**Work item**
The range runs from the line containing "this 1280×1080 image." to the last line of the entries. Copy that range exactly, omitting pictures.

**Saved data entries**
........

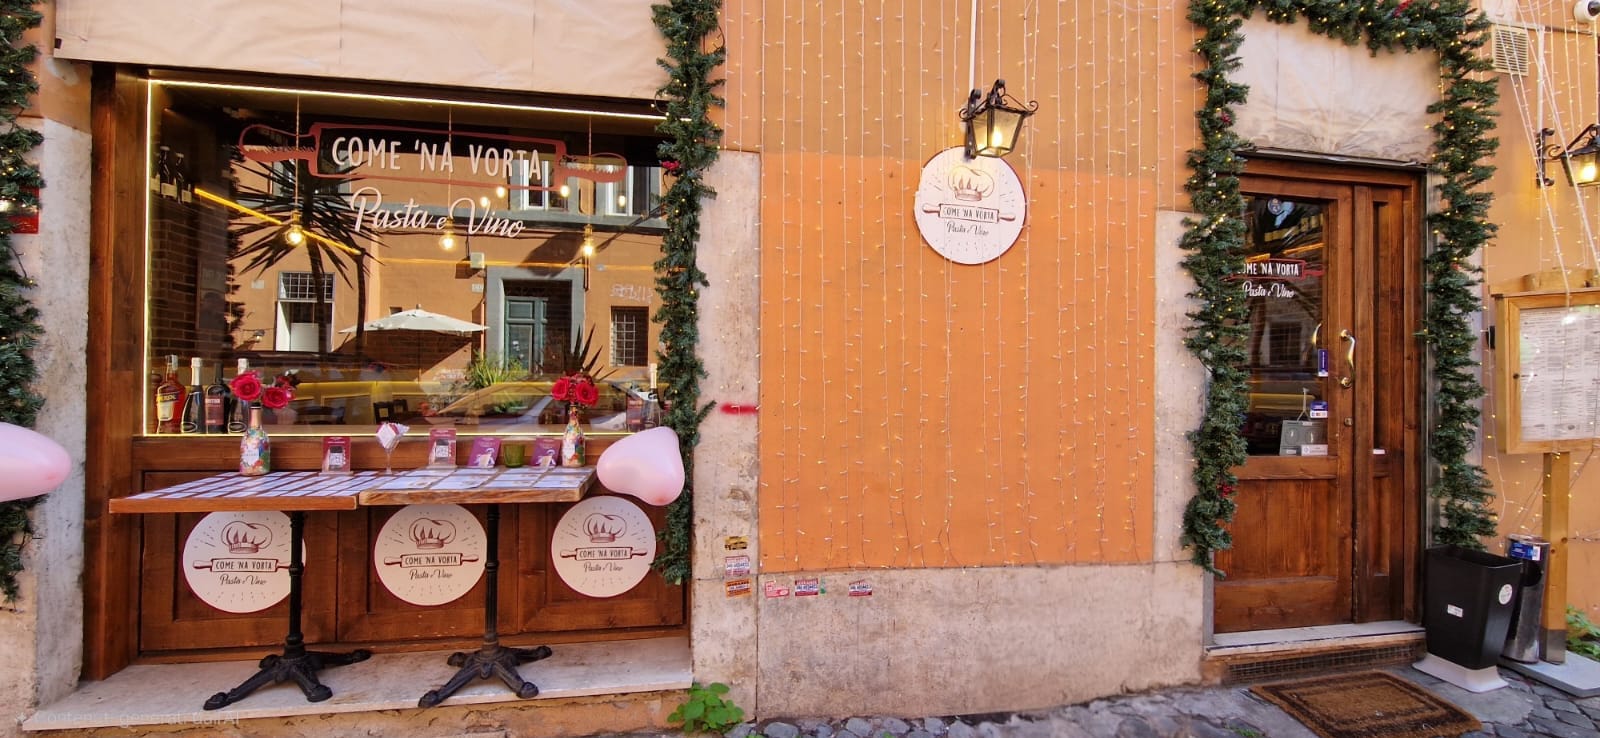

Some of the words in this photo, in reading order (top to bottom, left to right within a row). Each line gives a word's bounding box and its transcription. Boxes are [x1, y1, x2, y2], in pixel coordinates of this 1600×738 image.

[332, 136, 401, 170] COME
[415, 139, 454, 173] 'NA
[469, 144, 542, 180] VORTA
[350, 186, 434, 233] Pasta
[436, 216, 447, 230] e
[449, 197, 526, 238] Vino
[943, 206, 960, 217] COME
[975, 209, 994, 220] VORTA
[946, 220, 966, 233] Pasta
[1276, 262, 1299, 276] VORTA
[1242, 280, 1267, 299] Pasta
[1271, 283, 1296, 298] Vino
[405, 556, 422, 565] COME
[438, 555, 457, 564] VORTA
[579, 550, 595, 558] COME
[610, 549, 628, 557] VORTA
[215, 561, 234, 570] COME
[252, 561, 272, 569] VORTA
[583, 561, 602, 572] Pasta
[219, 573, 241, 586] Pasta
[409, 568, 429, 580] Pasta
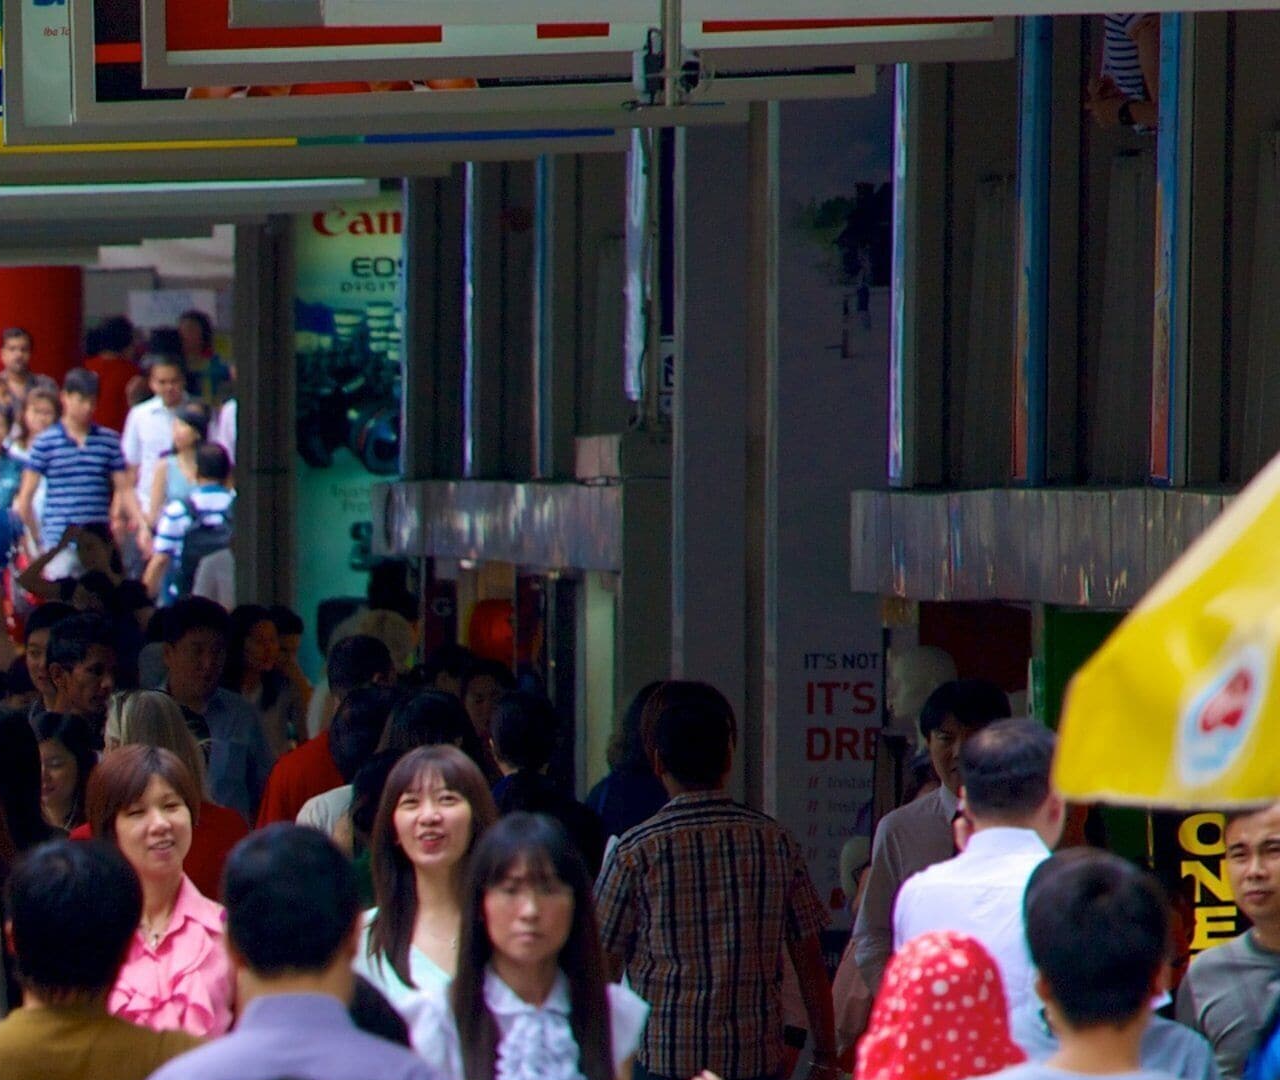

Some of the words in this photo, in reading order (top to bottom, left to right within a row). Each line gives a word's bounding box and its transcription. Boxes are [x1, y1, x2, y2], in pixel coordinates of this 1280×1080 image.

[804, 652, 838, 670] IT'S
[842, 652, 878, 670] NOT
[806, 681, 877, 716] IT'S
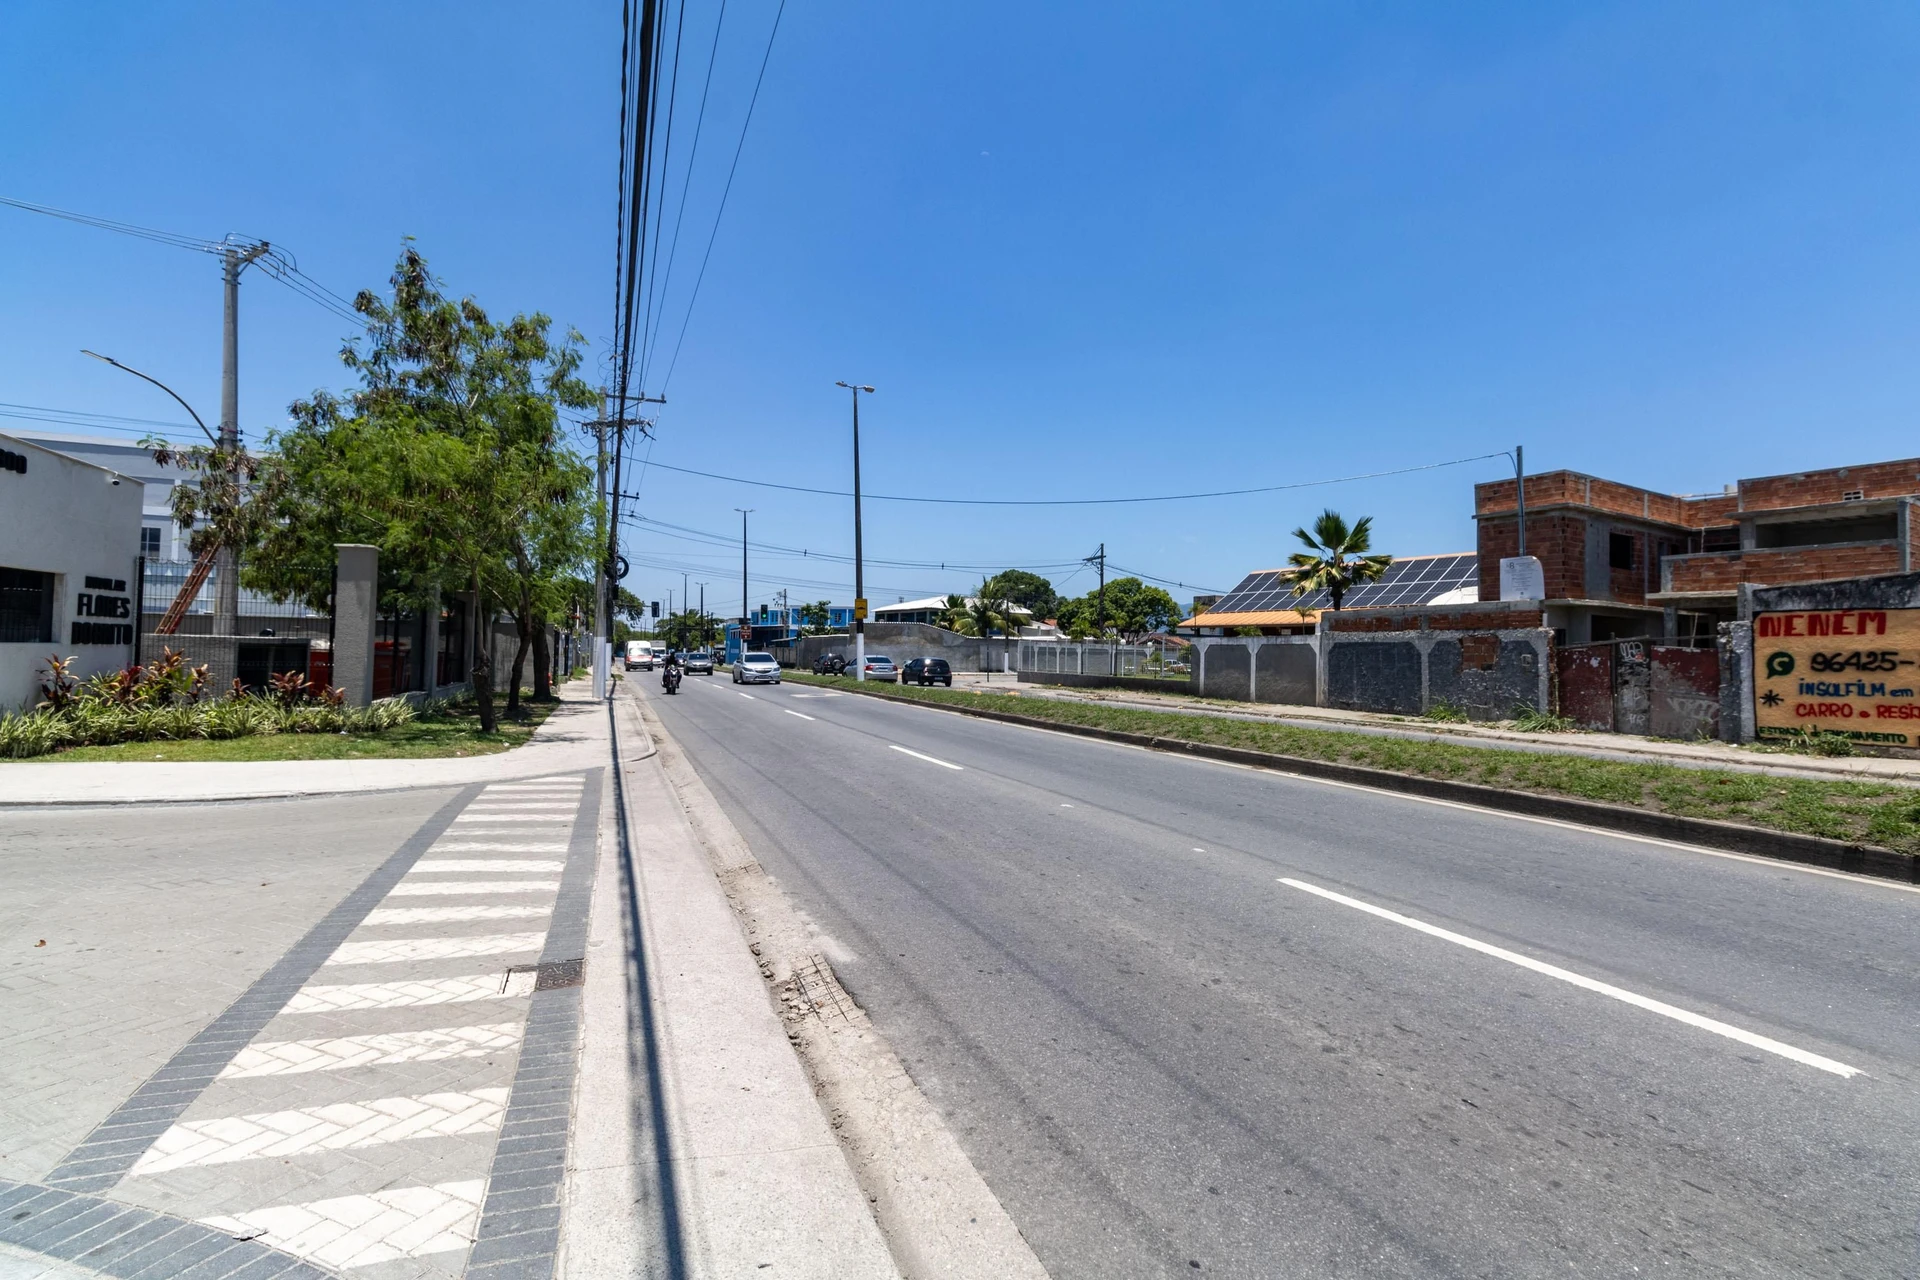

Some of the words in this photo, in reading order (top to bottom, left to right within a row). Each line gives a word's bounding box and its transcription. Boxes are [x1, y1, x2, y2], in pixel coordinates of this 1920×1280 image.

[1810, 651, 1920, 672] 96425-
[1889, 688, 1914, 697] em
[1796, 703, 1853, 718] CARRO

........

**Written solution**
Some of the words in this photo, in reading order (top to bottom, left to right within a row). Each line gives a word's bounding box and its transcription. Boxes are [x1, y1, x2, y2], in pixel coordinates of this 1280×1080 image.

[804, 652, 838, 670] IT'S
[842, 652, 878, 670] NOT
[806, 681, 877, 716] IT'S

Some of the words in this photo, in reading order (top to bottom, left to right within a row). Each line gives a word's bounding box and its transcription. Boxes are [x1, y1, x2, y2], in pixel coordinates of this 1920×1280 image.

[1810, 651, 1920, 672] 96425-
[1889, 688, 1914, 697] em
[1796, 703, 1853, 718] CARRO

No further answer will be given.